Where an entry below contains an image, skip the image and reproduce the rest exactly.

__MATERIAL FOR THE TASK__.
▼

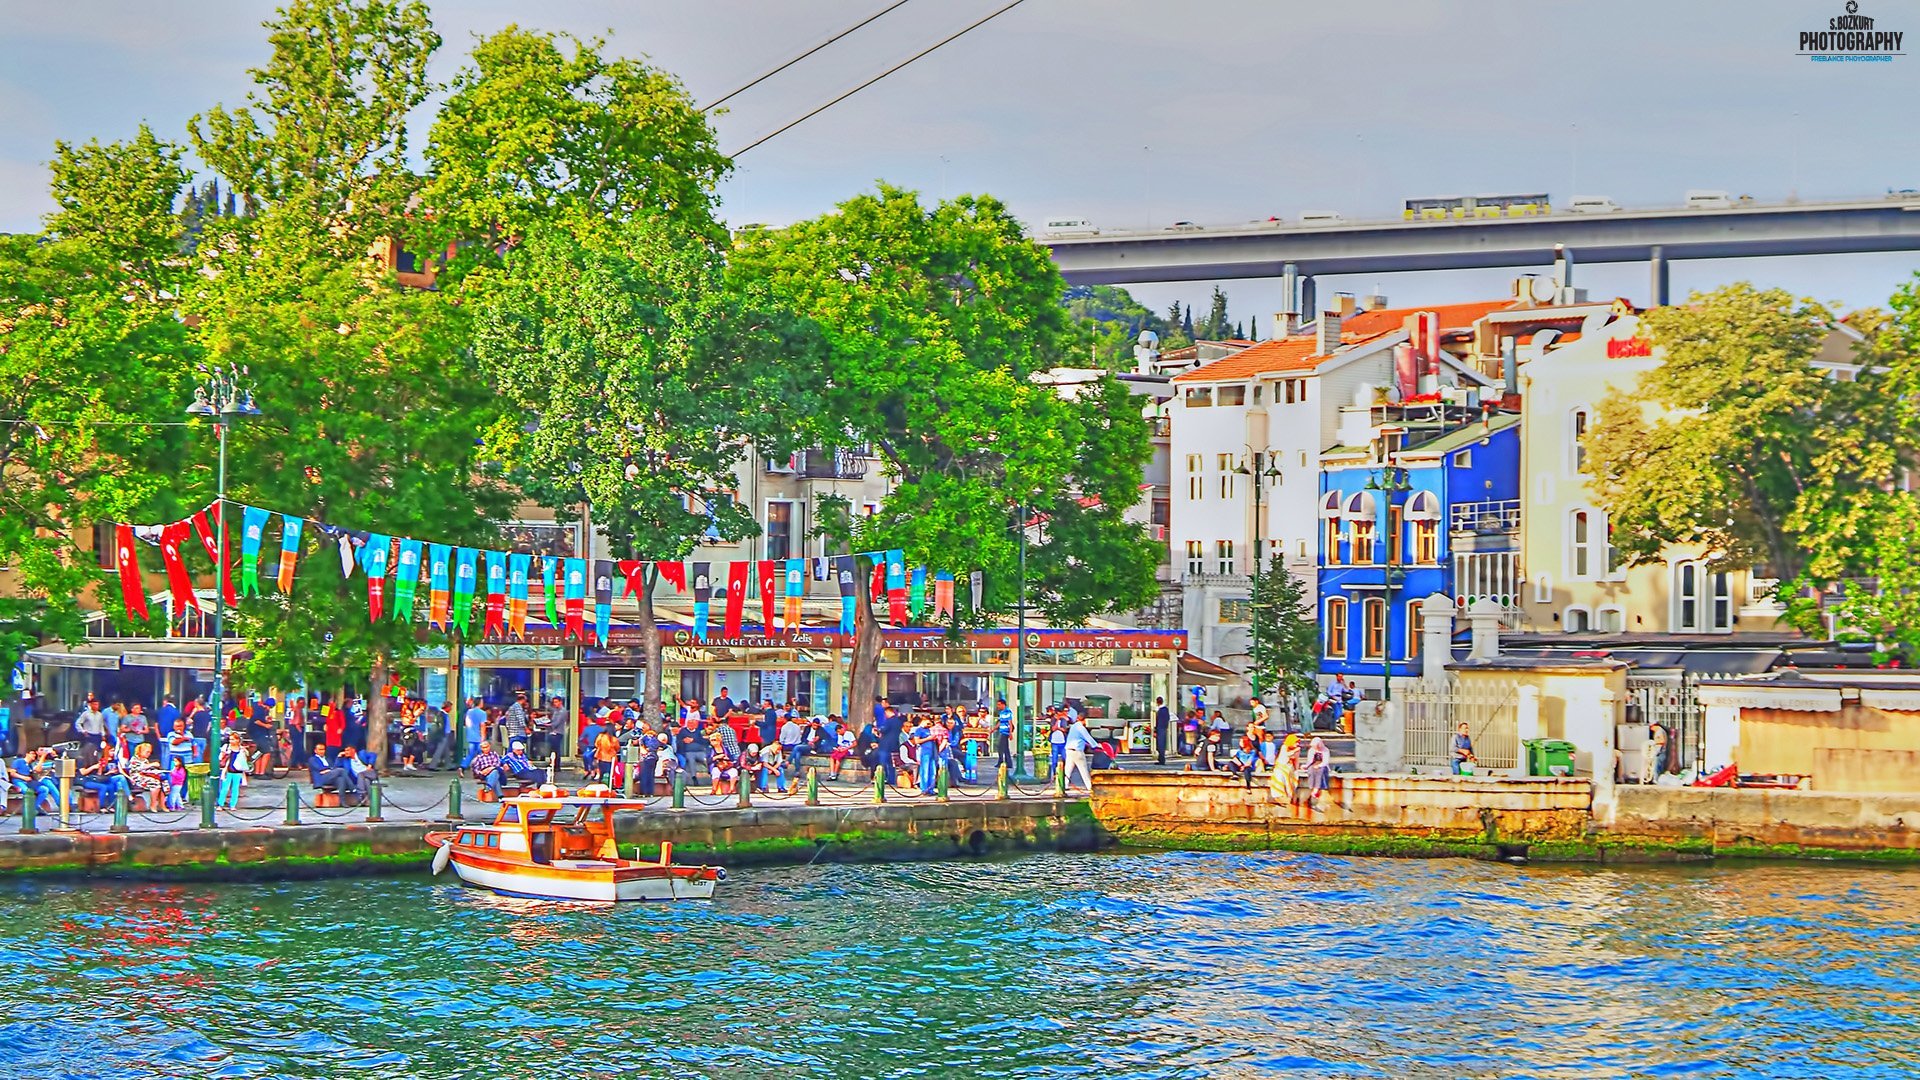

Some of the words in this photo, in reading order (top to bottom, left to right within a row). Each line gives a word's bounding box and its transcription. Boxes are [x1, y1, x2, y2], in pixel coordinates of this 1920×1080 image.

[531, 636, 561, 645] CAFE
[748, 638, 777, 646] CAFE
[885, 640, 940, 648] YELKEN
[1050, 640, 1121, 648] TOMURCUK
[1127, 640, 1160, 648] CAFE
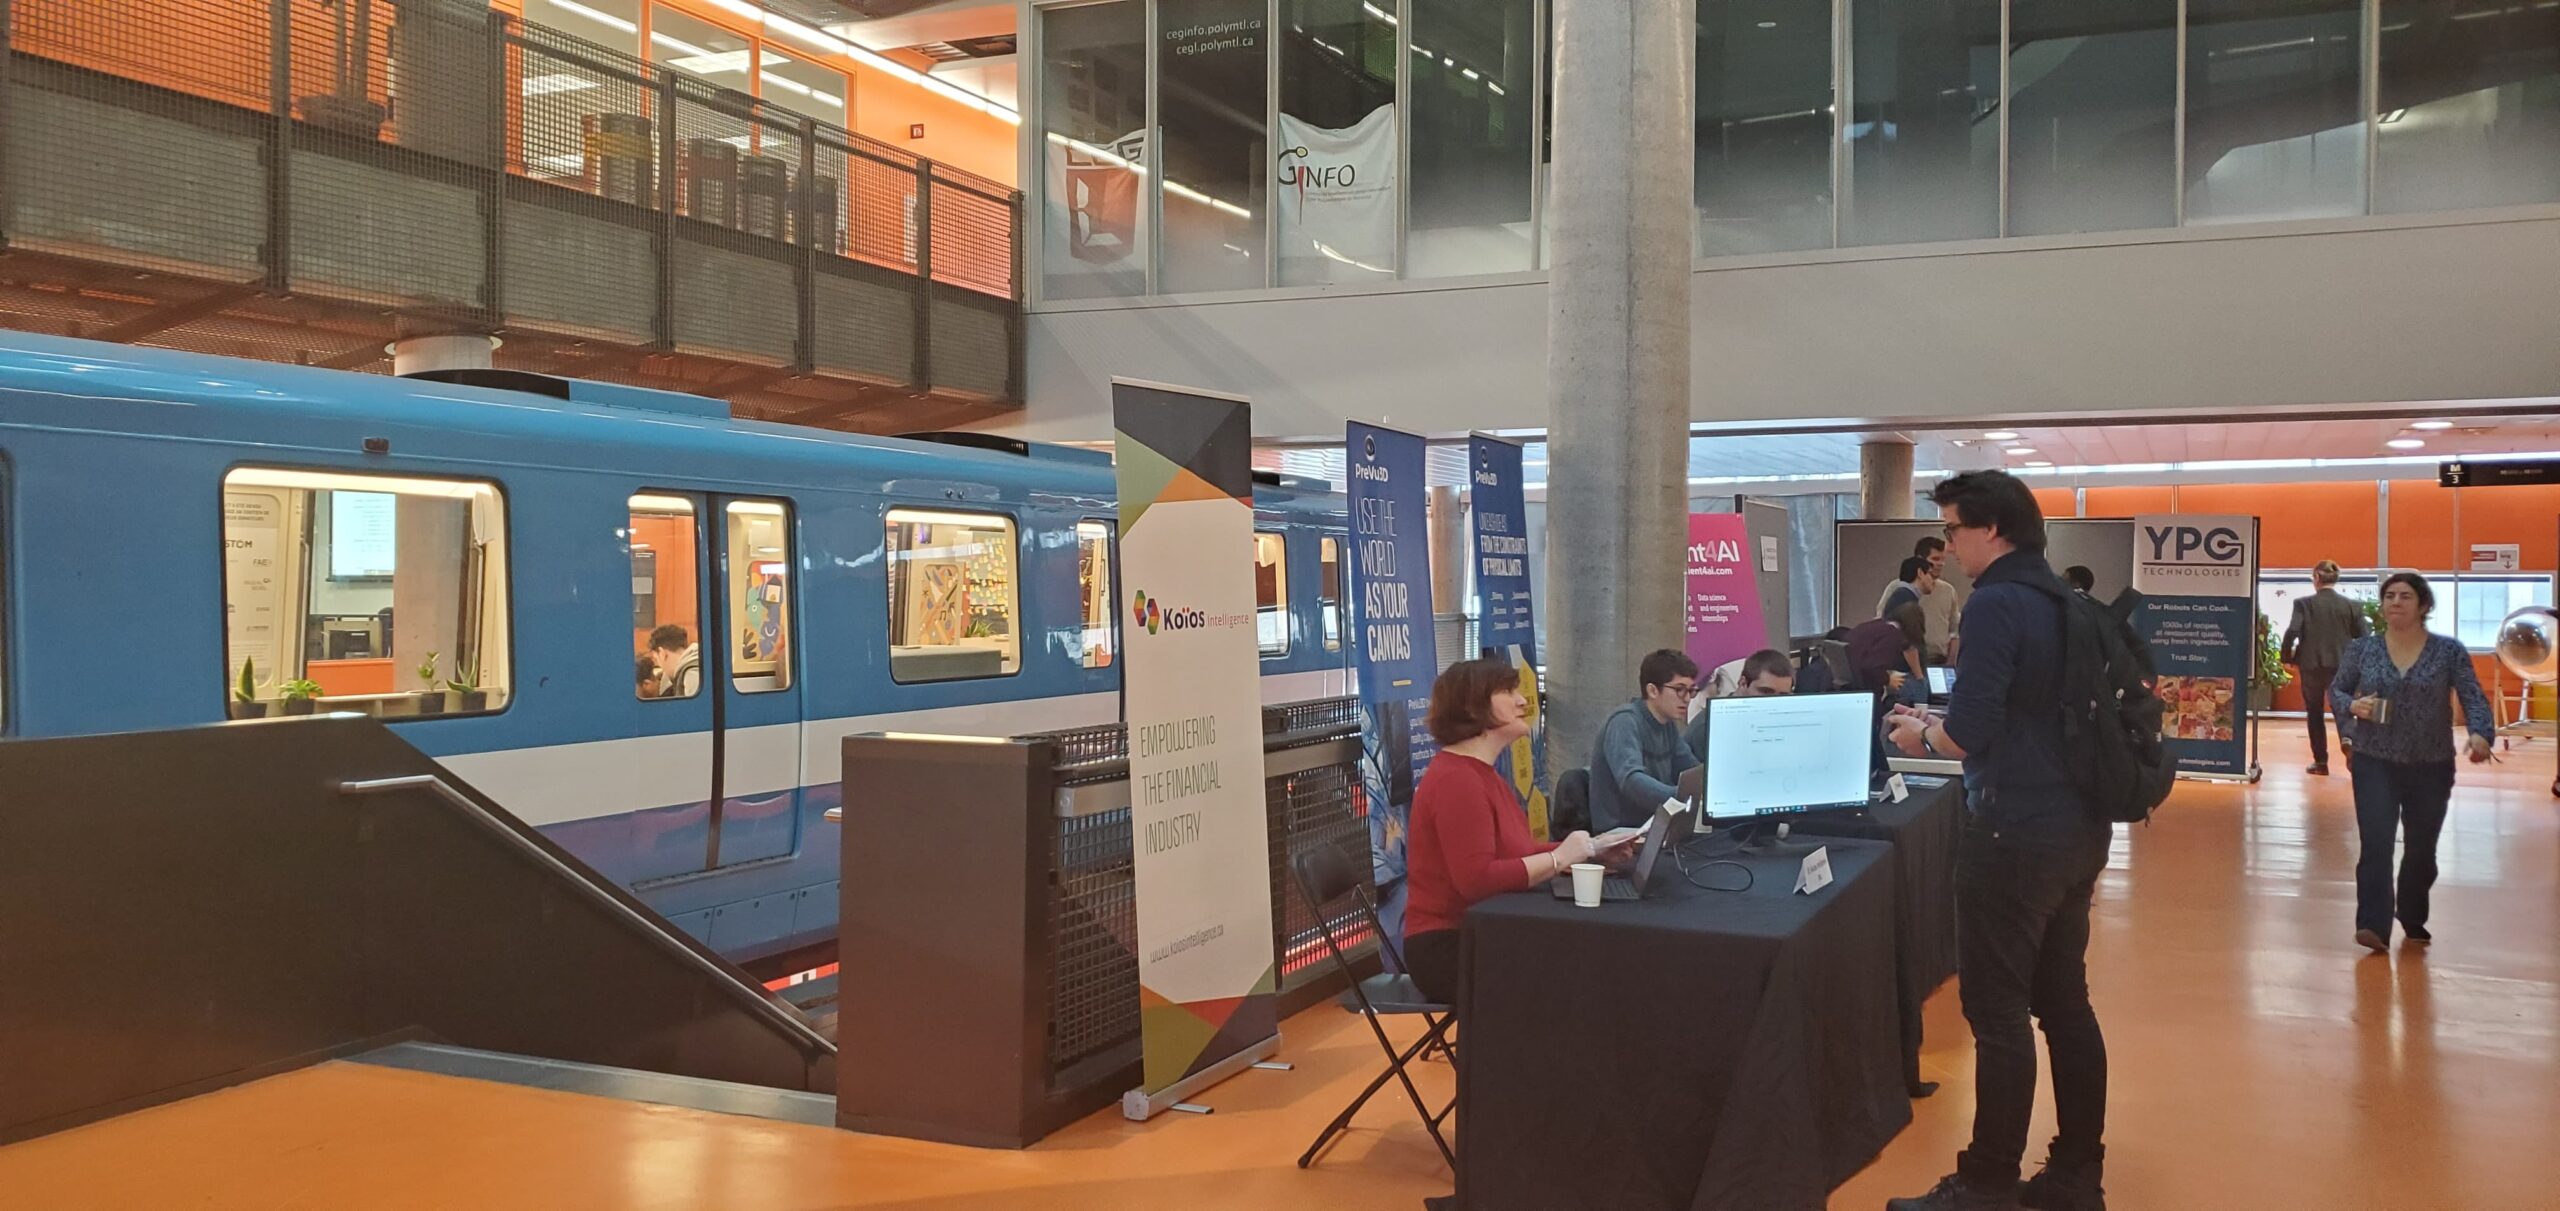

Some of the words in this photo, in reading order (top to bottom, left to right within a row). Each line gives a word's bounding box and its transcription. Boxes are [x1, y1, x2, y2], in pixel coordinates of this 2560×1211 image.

[1166, 19, 1261, 40] ceginfo.polymtl.ca
[1355, 463, 1389, 482] PreVu3D
[2450, 464, 2461, 472] M
[2452, 475, 2459, 484] 3
[1355, 496, 1379, 535] USE
[1379, 499, 1397, 537] THE
[225, 539, 253, 549] STOM
[1687, 540, 1741, 562] nt4AI
[1359, 539, 1396, 576] WORLD
[1687, 566, 1733, 576] ient4ai.com
[2143, 567, 2241, 577] TECHNOLOGIES
[1365, 581, 1382, 619] AS
[1381, 582, 1409, 619] YOUR
[1163, 606, 1205, 631] Koïos
[1367, 623, 1411, 662] CANVAS
[2171, 653, 2187, 661] True
[1140, 714, 1216, 758] EMPOWERING
[1142, 771, 1164, 807] THE
[1166, 760, 1222, 801] FINANCIAL
[1145, 811, 1201, 856] INDUSTRY

▲

__EXERCISE RESULT__.
Some of the words in this photo, in reading order (top to bottom, left to right within a row). Each line gives a word's bounding box and its transcription. Boxes are [x1, y1, x2, y2], in pixel coordinates of this 1920×1080 image.

[531, 636, 561, 645] CAFE
[748, 638, 777, 646] CAFE
[885, 640, 940, 648] YELKEN
[1050, 640, 1121, 648] TOMURCUK
[1127, 640, 1160, 648] CAFE

Some of the words in this photo, in reading order (top to bottom, left to right within a row). Each line gives a word's bounding box and its transcription. Boxes are [x1, y1, x2, y2], in pixel coordinates of this 2560×1211 image.

[1166, 19, 1261, 40] ceginfo.polymtl.ca
[1355, 463, 1389, 482] PreVu3D
[2450, 464, 2461, 472] M
[2452, 475, 2459, 484] 3
[1355, 496, 1379, 535] USE
[1379, 499, 1397, 537] THE
[225, 539, 253, 549] STOM
[1687, 540, 1741, 562] nt4AI
[1359, 539, 1396, 576] WORLD
[1687, 566, 1733, 576] ient4ai.com
[2143, 567, 2241, 577] TECHNOLOGIES
[1365, 581, 1382, 619] AS
[1381, 582, 1409, 619] YOUR
[1163, 606, 1205, 631] Koïos
[1367, 623, 1411, 662] CANVAS
[2171, 653, 2187, 661] True
[1140, 714, 1216, 758] EMPOWERING
[1142, 771, 1164, 807] THE
[1166, 760, 1222, 801] FINANCIAL
[1145, 811, 1201, 856] INDUSTRY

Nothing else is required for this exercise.